Chapter Eleven

I am at the practice rink, exterminating rats. Two other girls are with me, Sacker’s co-captain Irrita Belle, a fireplug-shaped blocker, and the massive Dom-De-Dom-Dom. They have poodle canes, same as me, but what they do not have is super-hearing and super-smell. They move slowly along the baseboard, tapping the walls, hoping to drive the rats toward their escape holes and out into the space where they can zap the little beasts with their poodle canes.

I walk slower, my hand against the wall. listening for their heartbeats. When I feel a warm spot, hear the patter of their blood in motion, I stop. I lean against the wall, trying to decide how far inside they are. The gap behind the wall is so narrow, they can’t be more than two inches away. That’s within my reach.

Pitty-pat, little rat. I hear you living.

I’ve found the jackpot, a whole nest, warm and rat-smelly. Momma and one, two, three, four babies. I crouch at the baseboard and lay my palms against the wall. My hands are only three-quarters of an inch away from their lives, the thickness of the drywall plus the derby padding.

I close my eyes and breathe in.

The sounds of blood pounding grow dim. I get a tiny rush of panic, belated adrenaline, and I hear a faint squeak — Momma rat cussing because her judgment has fatally betrayed her.

Her squeak spooks another rat I haven’t noticed yet, about four feet down the wall from where I squat. It erupts out of its hole onto the track, twelve feet away. Tude is onto it with her poodle cane in seconds.

Now there is a dead rat on the floor, along with some rat diarrhea and rat pee. And inside the walls, five dead rats have dissolved into a light, fluffy dust that will eventually find its way into the ventilating system and shiver down onto the floor and onto any sweaty derby girls who happen to be there, falling like gray snow, coating our wheels and making our skin sticky.

The poodle cane method is actually less messy. But my way is more secret.

I am thinking about secrets.

Jilly’s big secret, that she is utterly in the grip of alcoholism — wow, there’s a no brainer, that was easy — but it’s a secret all the same, never spoken, the invisible five hundred pound canary in the room. Blew that one yesterday. My stomach hurts with guilt for saying it to her and rage at her for making me have to say it.

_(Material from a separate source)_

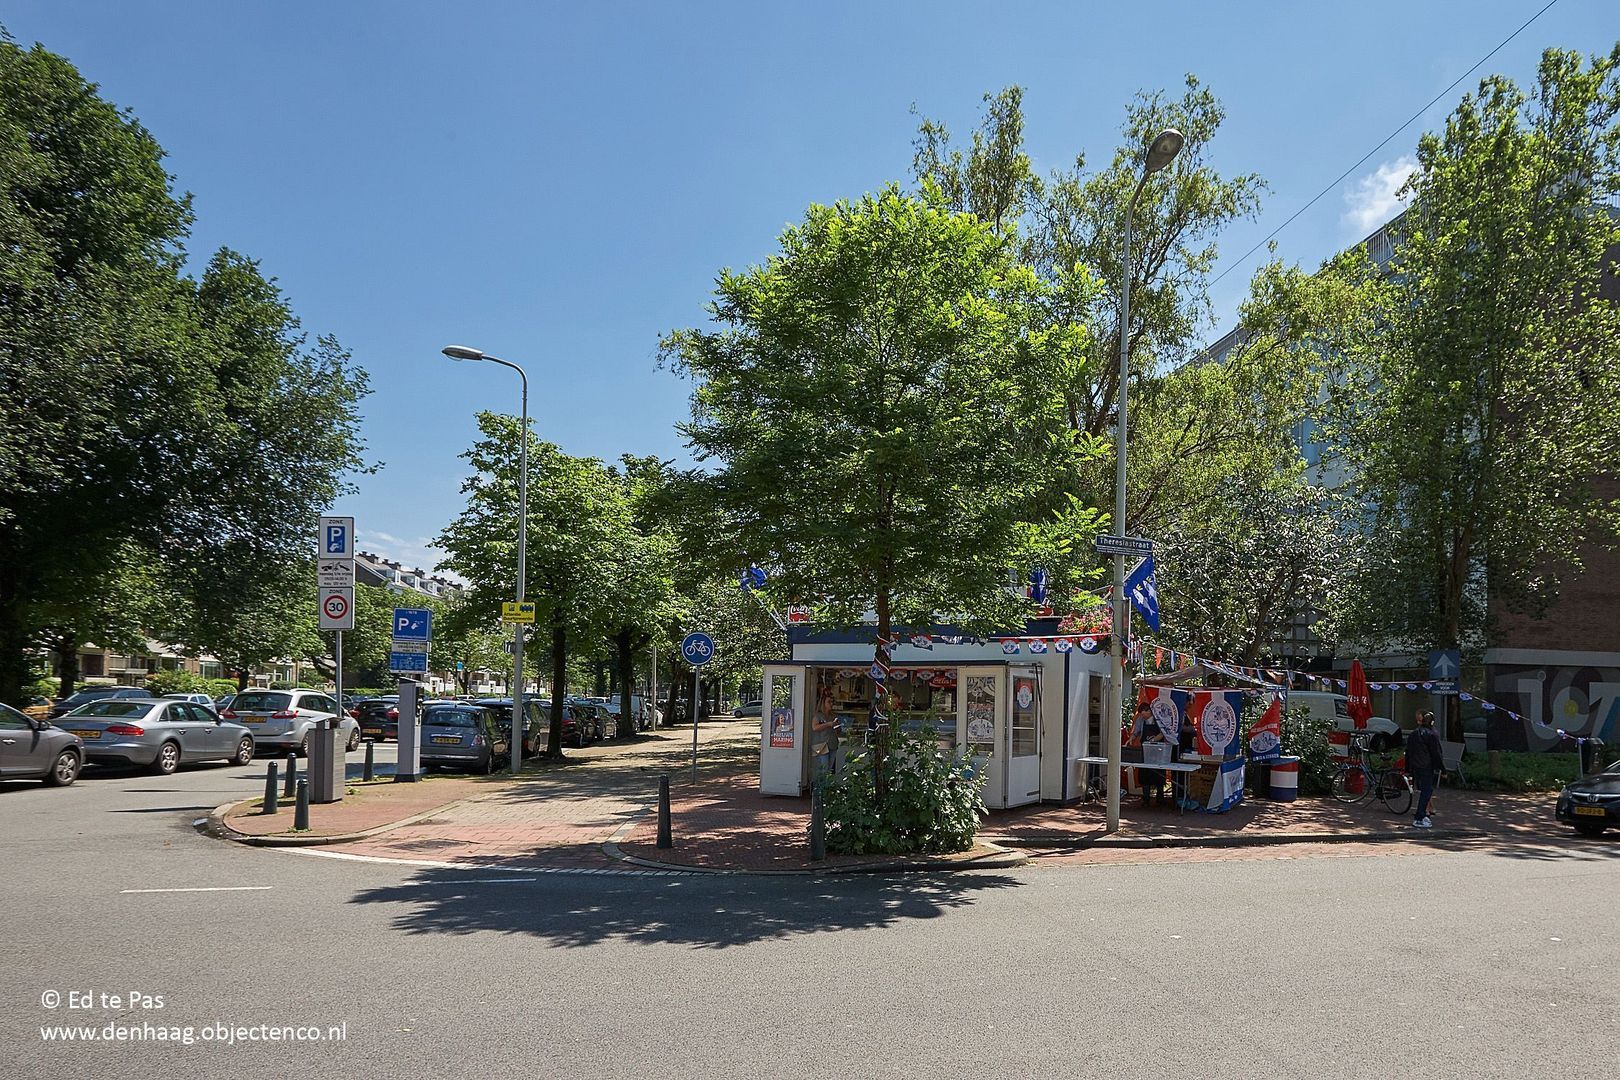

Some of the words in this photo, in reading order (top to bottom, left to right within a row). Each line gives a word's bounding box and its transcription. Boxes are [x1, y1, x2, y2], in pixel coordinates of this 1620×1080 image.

[331, 527, 341, 541] P
[1099, 537, 1150, 549] Theresiastraat
[328, 602, 343, 612] 30
[398, 617, 409, 631] P

My own secret is so huge that, like Jilly’s, it floods my life like a broken sewer main, poisoning everything until I can’t believe nobody else knows.

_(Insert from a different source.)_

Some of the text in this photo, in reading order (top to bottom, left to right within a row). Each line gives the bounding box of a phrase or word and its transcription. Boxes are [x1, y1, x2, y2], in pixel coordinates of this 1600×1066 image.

The trouble with secrets is that they are like rat-dust in the walls. You think they’re out of sight, but really they’re just floating out into everything else, attracting other dirty little secrets. Poisoning everything.

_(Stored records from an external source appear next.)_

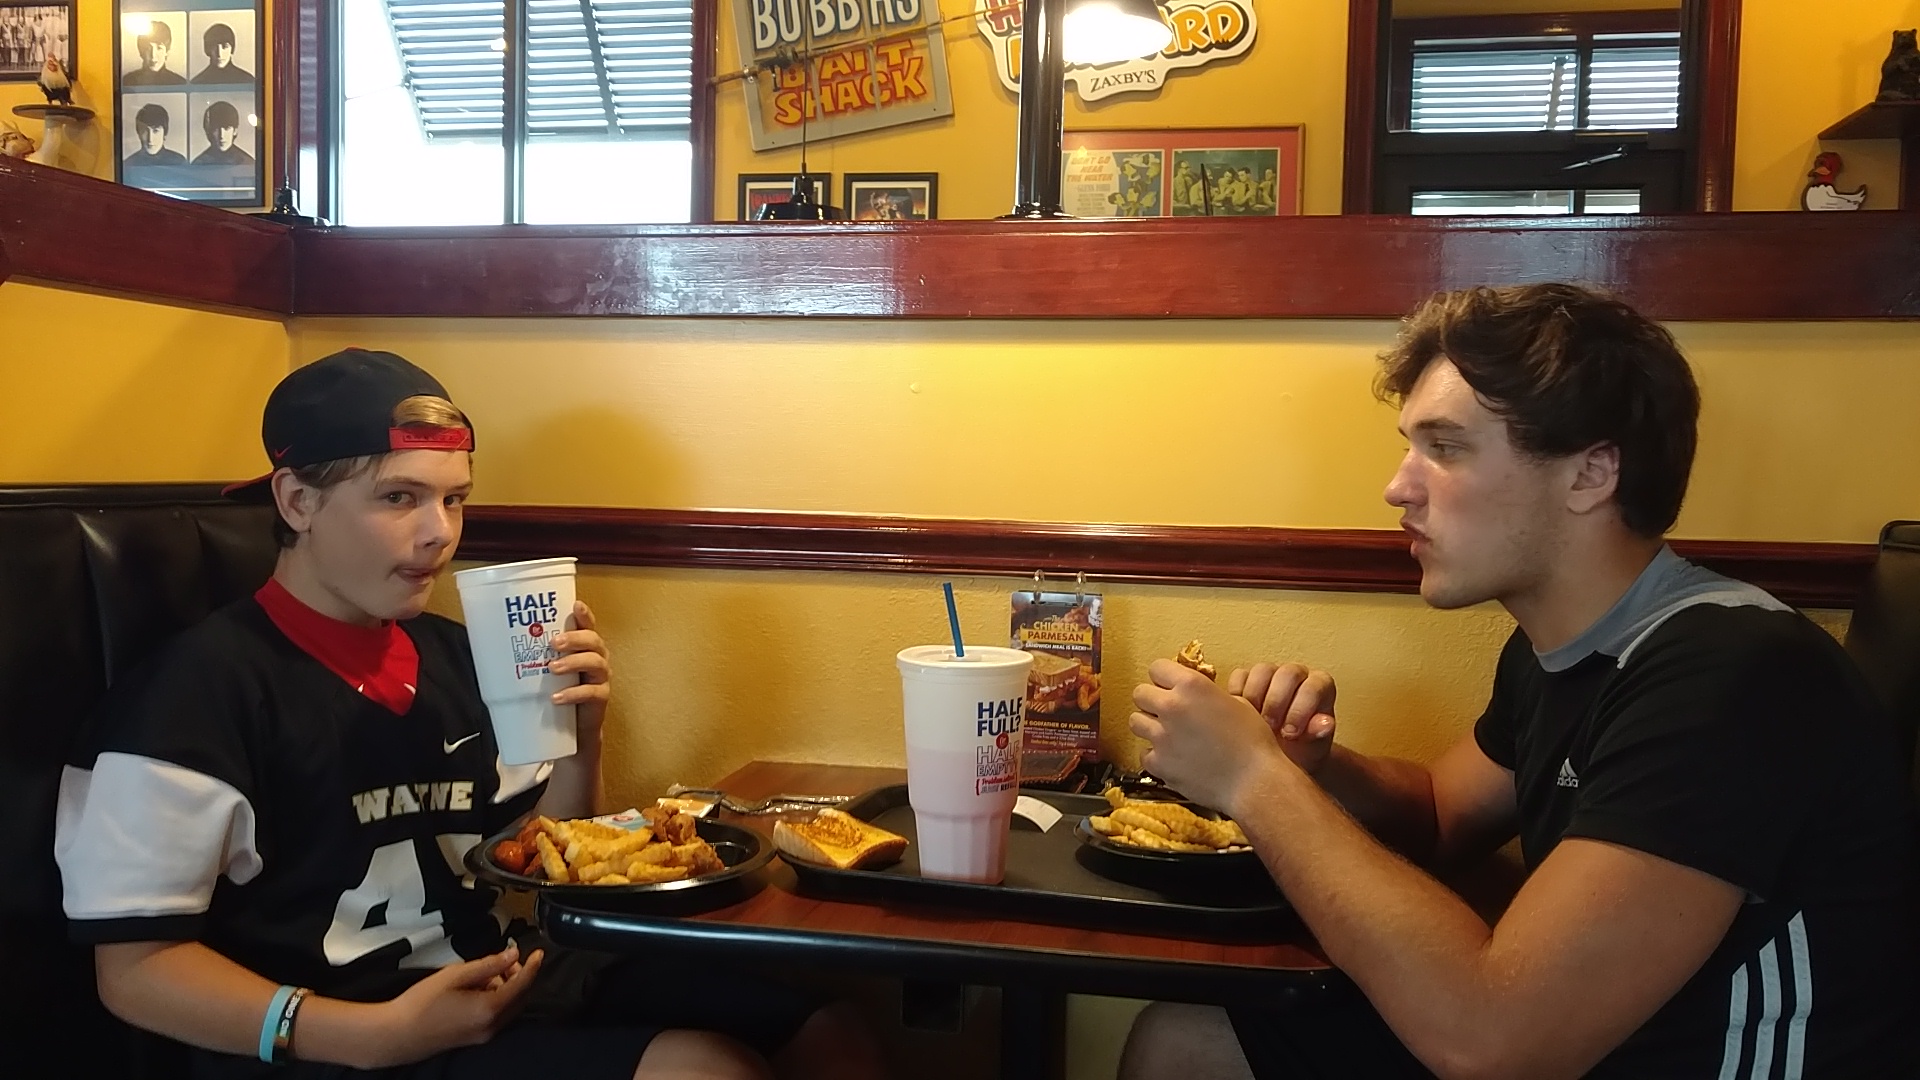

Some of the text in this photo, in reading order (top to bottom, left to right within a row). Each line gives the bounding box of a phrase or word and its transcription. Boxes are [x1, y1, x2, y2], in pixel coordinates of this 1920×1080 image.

[781, 38, 913, 89] BAIT
[775, 56, 927, 126] SHACK
[1090, 69, 1157, 93] ZAXBY'S
[505, 591, 557, 613] HALF
[508, 607, 558, 628] FULL?
[1034, 621, 1079, 631] CHICKEN
[1027, 630, 1084, 641] PARMESAN
[977, 697, 1022, 719] HALF
[977, 715, 1021, 737] FULL?
[977, 740, 1020, 764] HALF

Nick is right. Magic has compromised the world, even my world, to the point where I am twisted like a pretzel trying to live with it. The way I eat, or don’t. The jobs I take, the way I’m not paid, not promoted. Even little Breck and his helpless mommy have problems that they are treating, God help us, with magic, not with medicine. Not that medicine has done Breck a whole lot of good so far.

And I’m part of the problem.

I’d love to talk this over with Dr. Springe, but she is away this week at a conference.

The hour for practice arrives. Dom and Belle and I put away our poodle canes and put on our skates. Pound of Venus shows up in a terrible mood. I recognize it instantly — she feels just like I do — and I wonder what rats in the walls she has been dusting.

I do not ask. I leave Venus strictly alone.

Nick and his Federal agency and the Hinky Policy, all these are threats, yes, but Venus can put me away the fastest. I wonder if Nick would defend me against a city authority.

Maybe.

But only if he doesn’t know what I really am.

Once he knows the truth, he’ll hate me, and I’ll be in even more trouble than I am now, because I can’t see Nick tolerating being fooled. Or having fooled himself.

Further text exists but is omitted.